On March 24, 2014, the Plaintiff filed its notice of non-compliance [Doc. 105] as the Defendant had still yet to obey the Court's Order to transfer the domain names [Doc. 98]. The following day the Court issued an Order to set a show cause hearing for April 4, 2014 as to why the Defendant should not be taken into custody immediately for contempt of court and willful failure to comply with Orders of this Court [Doc. 106]. On March 27, 2014 the Defendant filed his motion to stay the hearing [Doc. 108]. On April 4, 2014 the Defendant's motion to stay [Doc. 108] was denied by the Court [Doc. 110].

At the hearing on April 4, 2014, the Defendant was found in contempt of Court, was Ordered to be taken into custody, however the Defendant then transferred the domain names and the Court released the Defendant from custody [Doc. 111].

On May 5, 2015, despite the fact two appeals based upon three notices of appeal [Docs. 76, 89, 101] were now pending in the USCA-11th Circuit, the Defendant again filed a motion [Doc. 114], duplicative of the Defendant's past motions, to vacate the Orders and Opinions of the Court [Docs. 69, 88, 98]. On May 26, 2015, the Court denied the motion of the Defendant to vacate [Doc. 114] as untimely [Doc. 115].

The notice of appeal of the Defendant [Doc. 101] was acknowledged by the USCA-11th Circuit on November 3, 2015 [Doc. 116] and assigned Case No. 15-14859.

On April 14, 2015, the Defendant's appeal [Doc. 69] in Case No. 13-15309-A was scheduled for oral argument before the USCA-11th Circuit, and subsequently on December 15, 2015 the USCA-11th Circuit issued its opinion [Doc. 117] affirming the Court's issuance of an injunction against the Defendant [Doc 69].

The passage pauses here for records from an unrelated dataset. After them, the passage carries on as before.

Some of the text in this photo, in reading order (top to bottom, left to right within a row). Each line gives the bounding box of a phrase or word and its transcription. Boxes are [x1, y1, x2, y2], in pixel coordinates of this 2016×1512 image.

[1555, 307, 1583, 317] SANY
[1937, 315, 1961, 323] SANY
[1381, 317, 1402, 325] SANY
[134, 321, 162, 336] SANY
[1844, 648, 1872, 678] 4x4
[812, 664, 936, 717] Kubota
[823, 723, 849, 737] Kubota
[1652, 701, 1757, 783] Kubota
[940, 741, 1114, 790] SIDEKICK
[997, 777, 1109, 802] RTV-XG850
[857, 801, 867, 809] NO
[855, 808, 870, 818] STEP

On October 20, 2017, after the filing of numerous, extensive and unmerited motions in the USCA-11th Circuit, the USCA-11th Circuit issued its opinion in Case No. 15-14859 [Doc. 129] affirming the finding of contempt against the Defendant and vacating the award of attorney fees to the Plaintiff. On November 27, 2017, the Defendant once again filed another motion with the Court [Doc. 131] this time moving to "adjudicate" all claims purportedly under the authority of Fed. R. Civ. P. 60(b). On January 29, 2018, the Court denied the Defendant's motion [Doc. 131] for the reasons stated in the Court's Order [Doc. 135]. Additionally, this same day, as set forth above, the Court entered an Order [Doc. 134] vacating the award of attorney fees to the Plaintiff consistent with the October 20, 2017 opinion of the USCA-11th Circuit.

On March 19, 2018, the Plaintiff filed its motion to amend the Plaintiff's Complaint [Doc. 141], seeking to terminate this litigation at the District Court level. In response, the Defendant on March 26, 2018 and April 12, 2018 filed, respectively, a motion for a conference [Doc. 142] and the Defendant's own motion to "amend complaint" [Doc. 143]. On July 19, 2017 the Defendant filed a motion for a temporary restraining order [Doc. 144] against a non-party which was seeking to foreclose on real property of the Defendant. On July 23, 2018 the Court ruled on each of the forgoing motions [Docs. 141, 142, 143, 144] granting the Plaintiff's motion to amend the Plaintiff's complaint, and denying the Defendant the relief sought by each of the Defendant's motions [Doc 145], directing counsel for the Plaintiff to submit a proposed final judgment in favor of the Plaintiff consistent with the prior Orders of the Court and the Court of Appeals. On July 24, 2018, Plaintiff filed its Amended Complaint [Doc. 146].

II. Discussion

A. The Plaintiff's Motion for Partial Summary Judgment Under the ACPA

The standard for the grant or denial of summary judgment and the reasoning, opinion, and discussion concerning the grant of Plaintiff's Motion for Partial Summary Judgment Under the ACPA [Doc. 57] are set forth in full in the Court's Order and Opinion dated October 22, 2013 [Doc. 69] and the same is incorporated within this Final Order as if fully set forth herein.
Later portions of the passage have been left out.